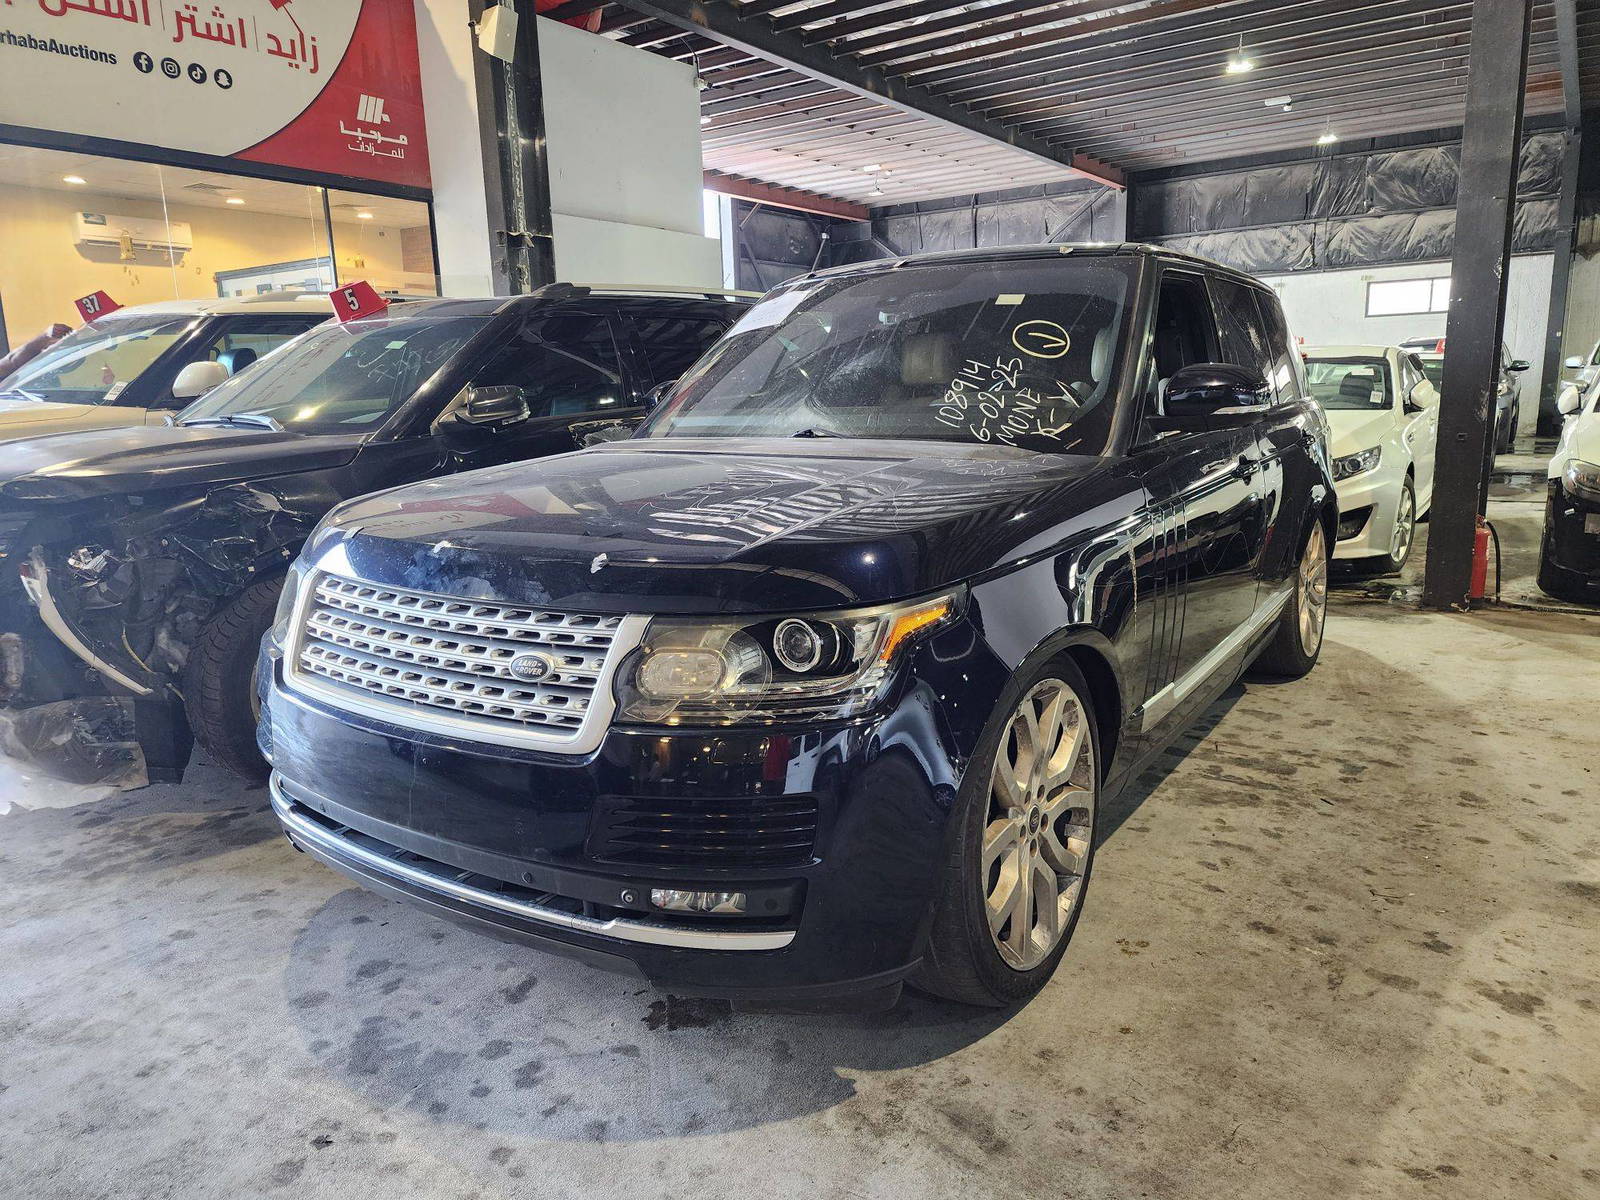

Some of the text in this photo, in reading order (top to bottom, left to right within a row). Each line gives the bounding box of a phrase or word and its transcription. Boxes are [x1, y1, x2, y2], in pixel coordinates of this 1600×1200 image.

[173, 4, 247, 49] اشتر
[267, 31, 319, 74] زايد
[347, 140, 405, 159] للمزادات
[82, 294, 101, 315] 37
[343, 288, 360, 311] 5
[934, 359, 991, 428] 108914
[518, 658, 538, 667] LAND
[518, 666, 543, 676] ROVER
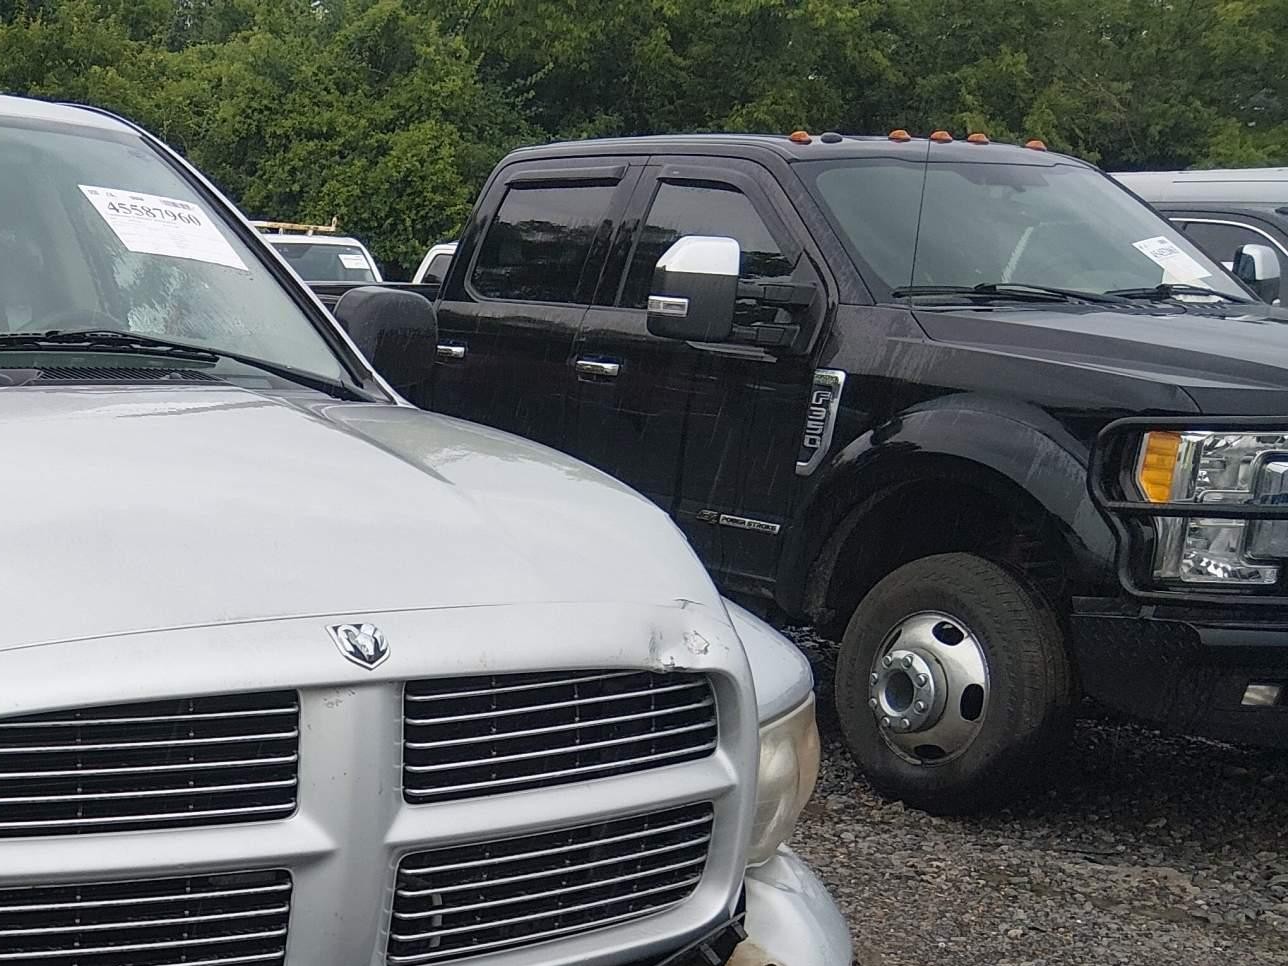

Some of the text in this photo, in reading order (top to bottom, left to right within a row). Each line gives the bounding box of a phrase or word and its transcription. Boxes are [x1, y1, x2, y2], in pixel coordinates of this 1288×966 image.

[107, 201, 202, 227] 45587960
[803, 390, 832, 448] F350
[746, 520, 778, 532] STROKE
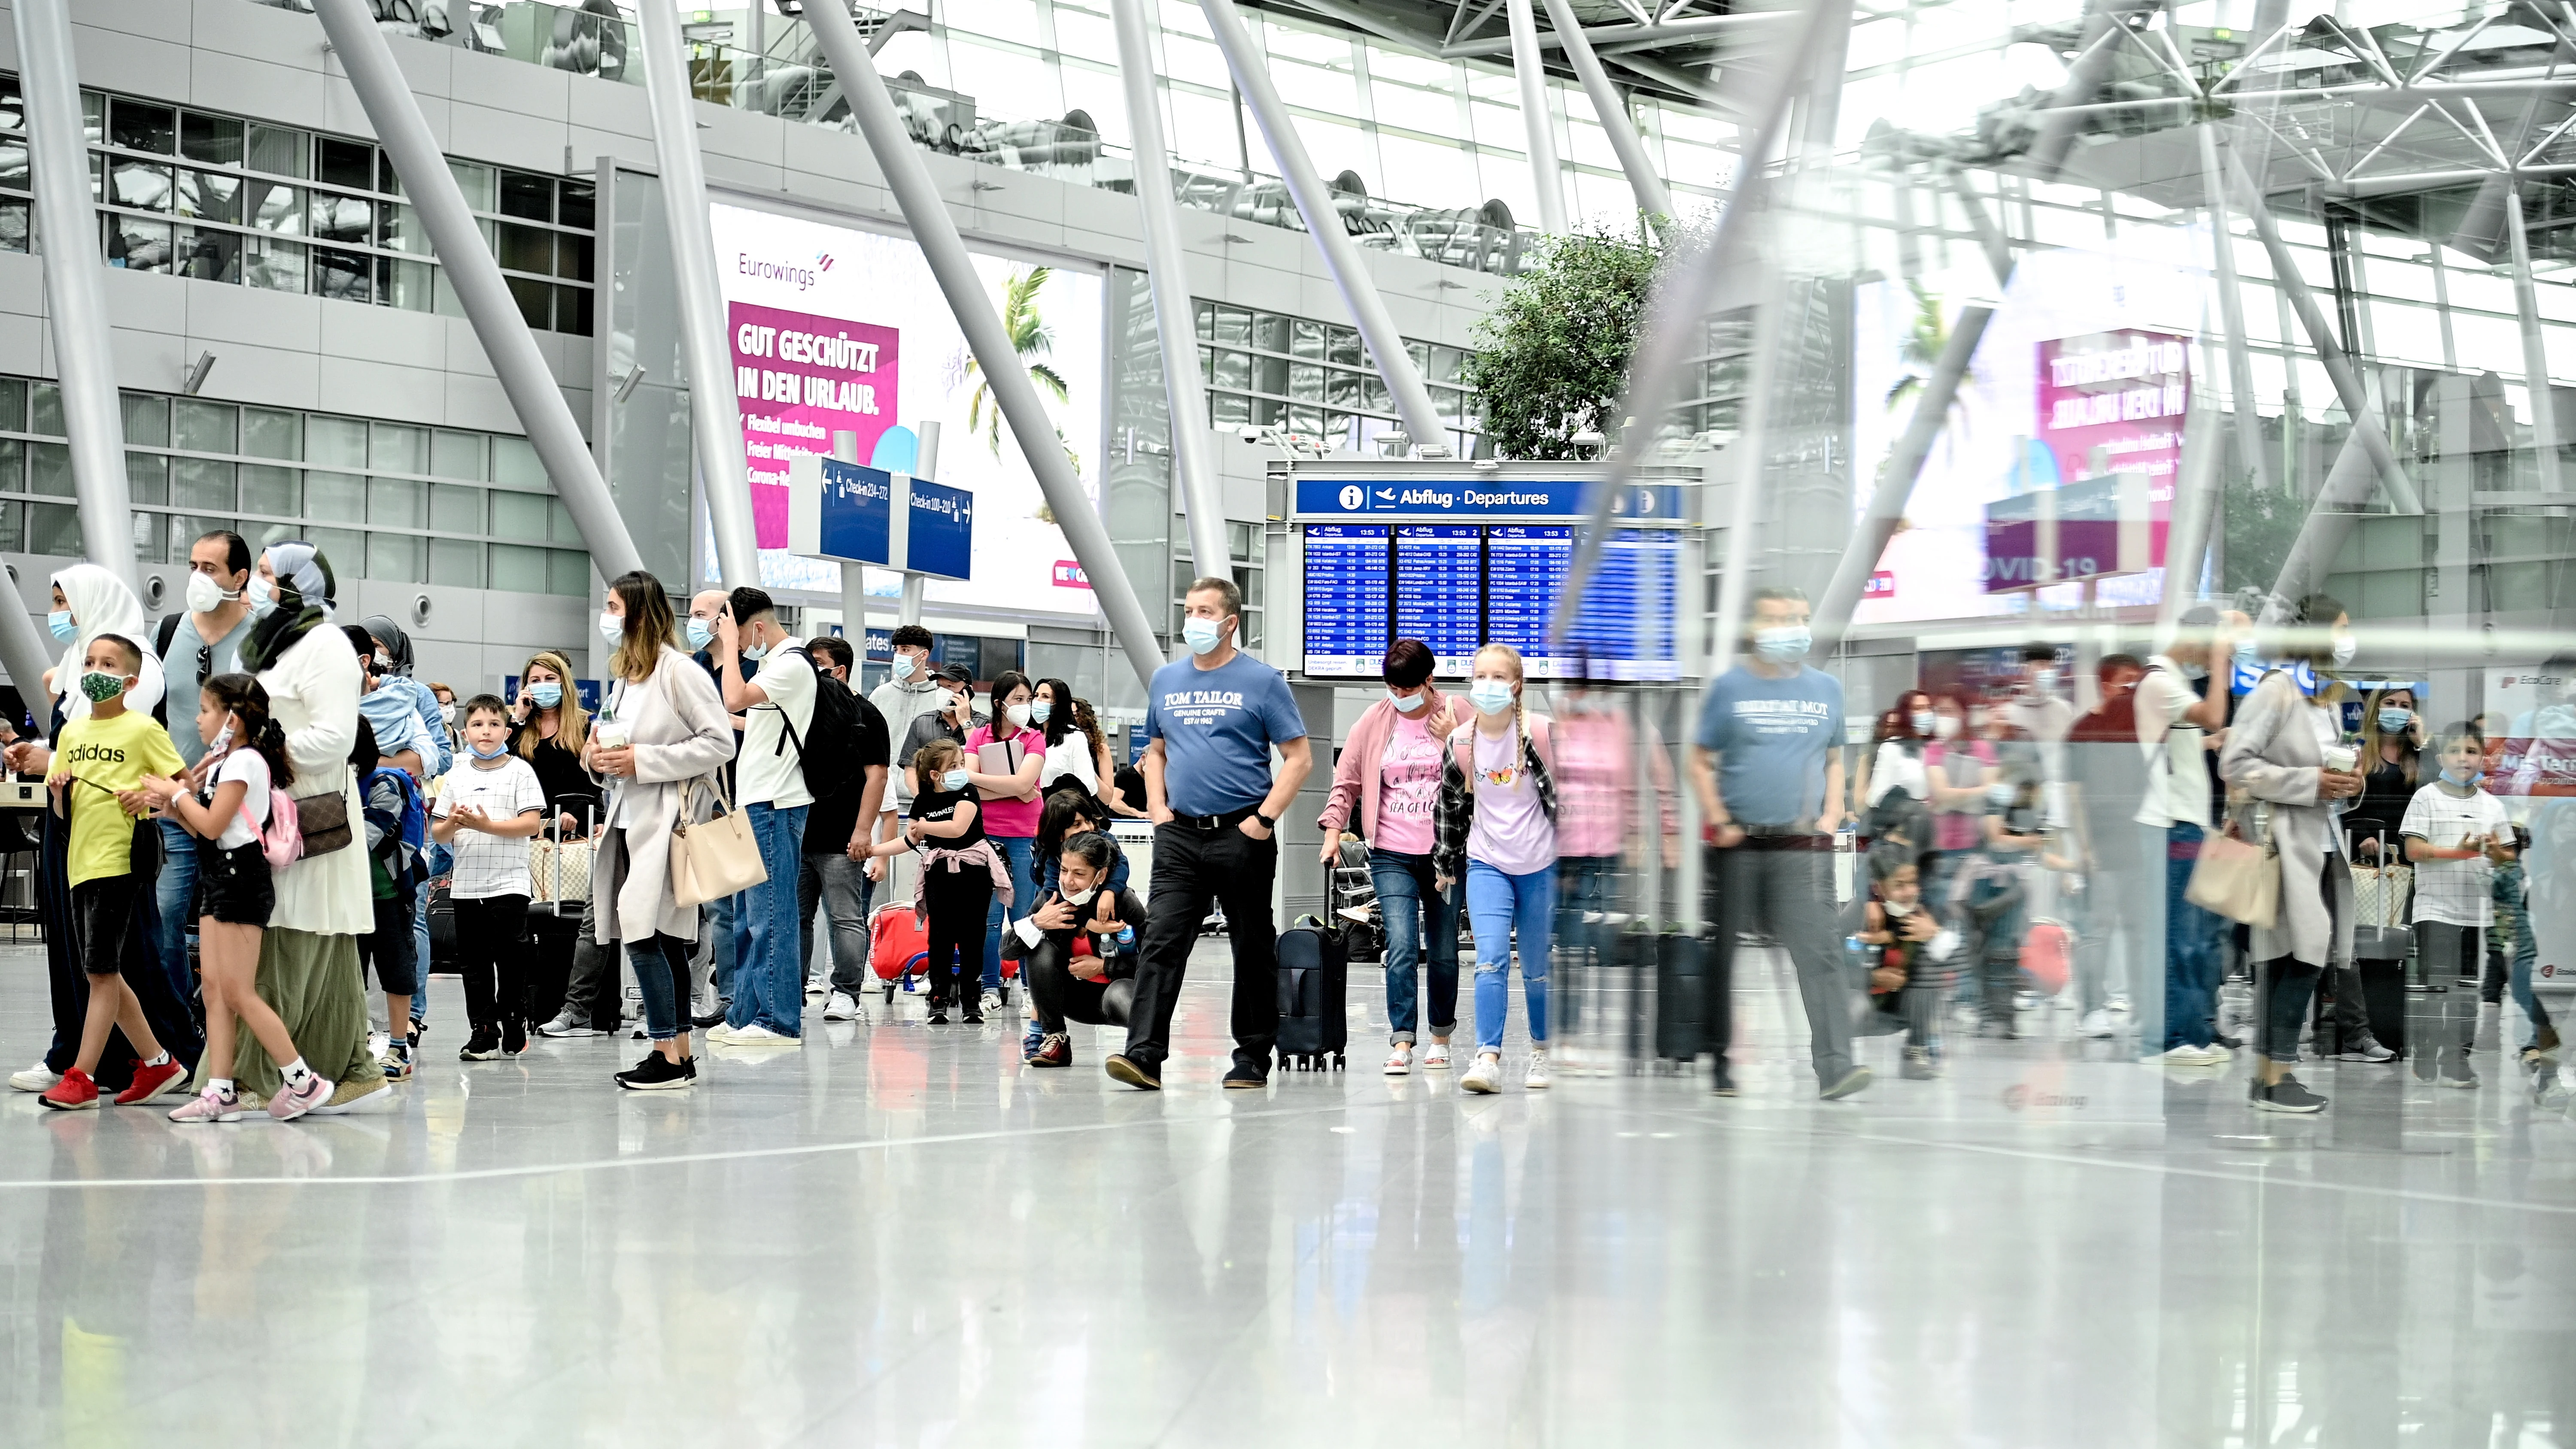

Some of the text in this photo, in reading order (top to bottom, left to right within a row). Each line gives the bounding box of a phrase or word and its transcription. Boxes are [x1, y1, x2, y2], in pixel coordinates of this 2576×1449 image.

Problem: Print the material word for word; images are to be left out.

Solution below:
Some of the text in this photo, in reading order (top to bottom, left to right within a row). Each line gives the bounding box of a phrase or word and its transcription. Boxes are [x1, y1, x2, y2], in pixel coordinates of this 1600×1200 image.

[173, 4, 247, 49] اشتر
[267, 31, 319, 74] زايد
[347, 140, 405, 159] للمزادات
[82, 294, 101, 315] 37
[343, 288, 360, 311] 5
[934, 359, 991, 428] 108914
[518, 658, 538, 667] LAND
[518, 666, 543, 676] ROVER

Some of the text in this photo, in reading order (top to bottom, left to right within a row). Each line gives the bounding box of a phrase or word and its transcription. Boxes are [x1, y1, x2, y2], in pixel coordinates of this 1288×966 image.

[107, 201, 202, 227] 45587960
[803, 390, 832, 448] F350
[746, 520, 778, 532] STROKE

Some of the text in this photo, in reading order (top to bottom, left to right within a row). Each line gives the bounding box of a phrase or word and its transcription. Boxes are [x1, y1, x2, y2], in pixel coordinates of this 2576×1449 image.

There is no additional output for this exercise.